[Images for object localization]
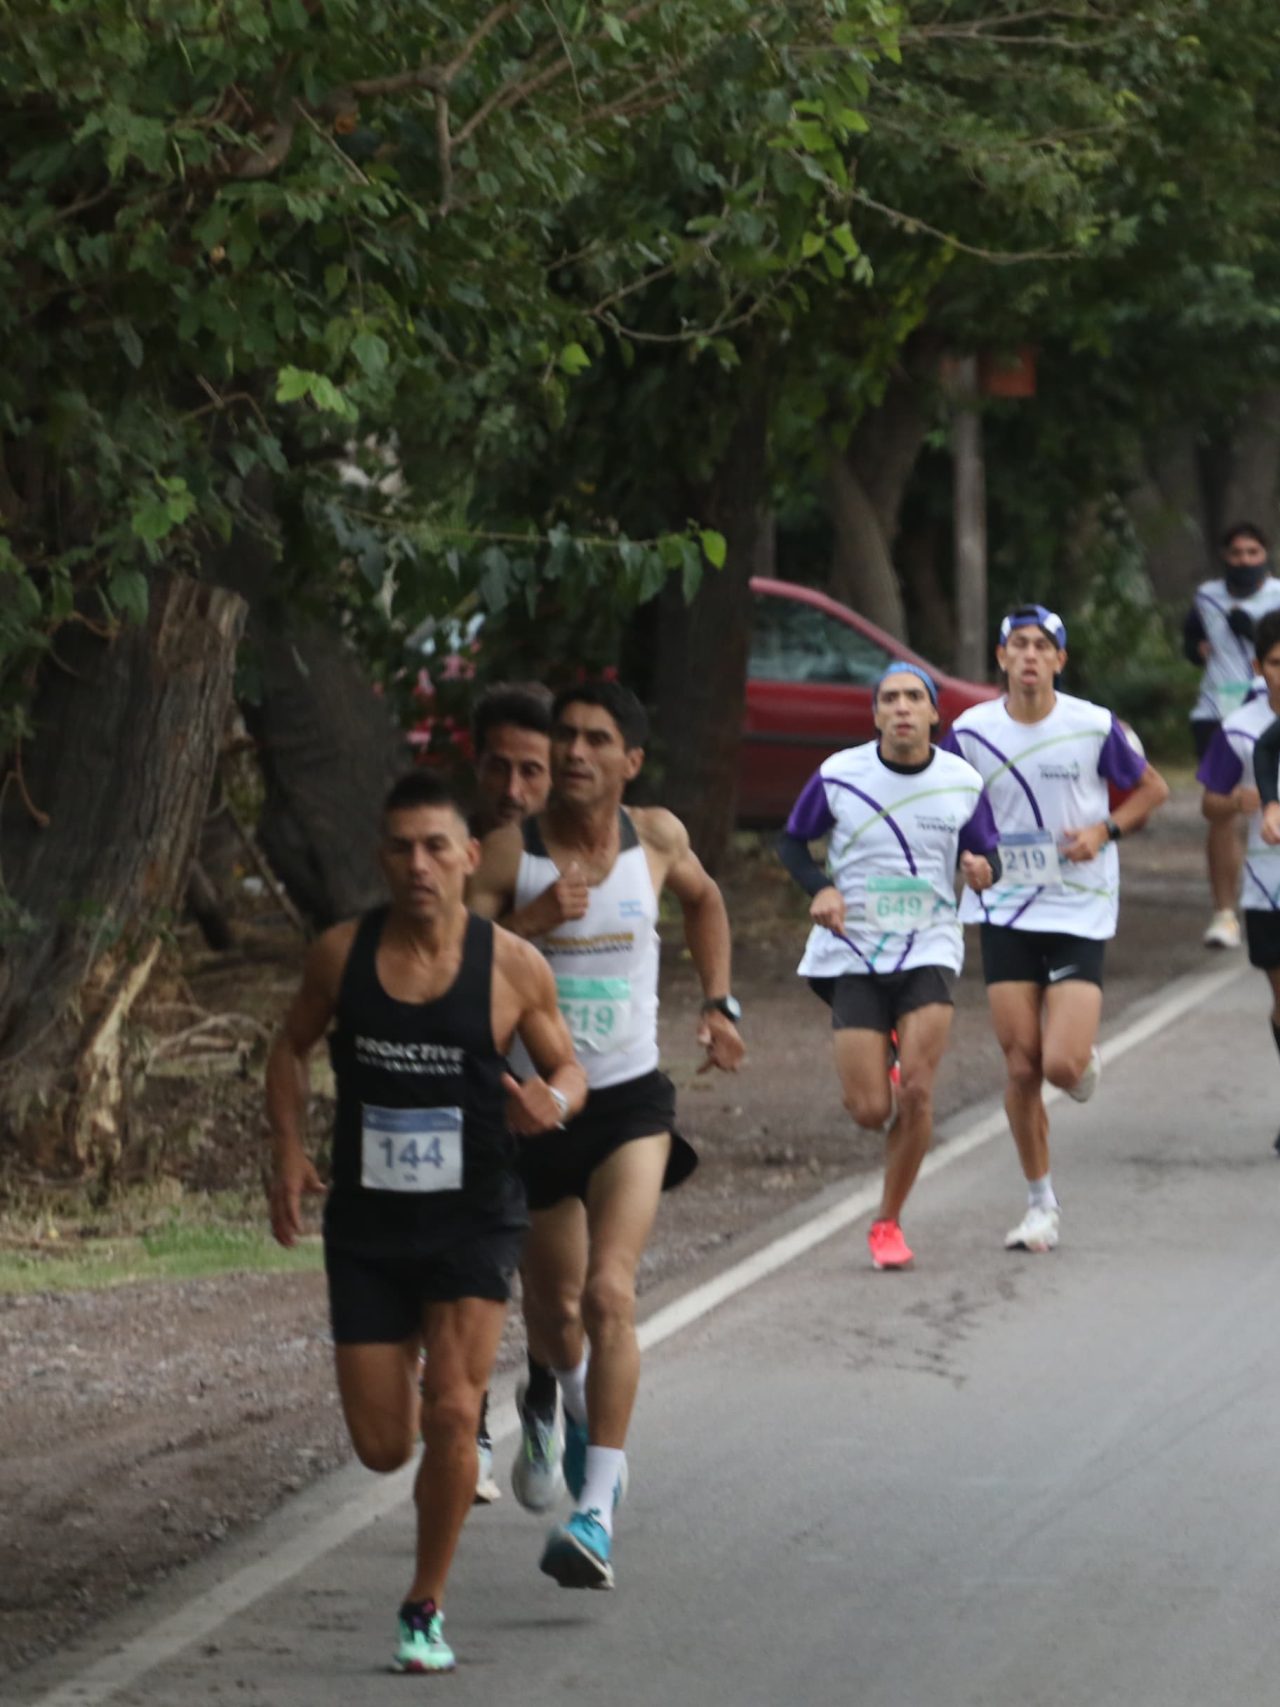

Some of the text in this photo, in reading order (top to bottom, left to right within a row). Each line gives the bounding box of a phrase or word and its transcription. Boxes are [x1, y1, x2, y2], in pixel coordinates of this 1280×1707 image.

[1004, 848, 1046, 870] 219
[876, 896, 922, 917] 649
[355, 1034, 464, 1062] PROACTIVE
[379, 1136, 444, 1170] 144

→ WHAT YOU SHOULD DO
All of the data above is to be repeated exactly, with the pictures left out.

→ SOLUTION TO THE PROBLEM
Some of the text in this photo, in reading order (top to bottom, left to right within a row). Each line gives the bounding box of a phrase or word and its transcription. Boxes are [x1, y1, x2, y2], in pixel coordinates of this 1280×1707 image.

[1004, 848, 1046, 870] 219
[876, 896, 922, 917] 649
[355, 1034, 464, 1062] PROACTIVE
[379, 1136, 444, 1170] 144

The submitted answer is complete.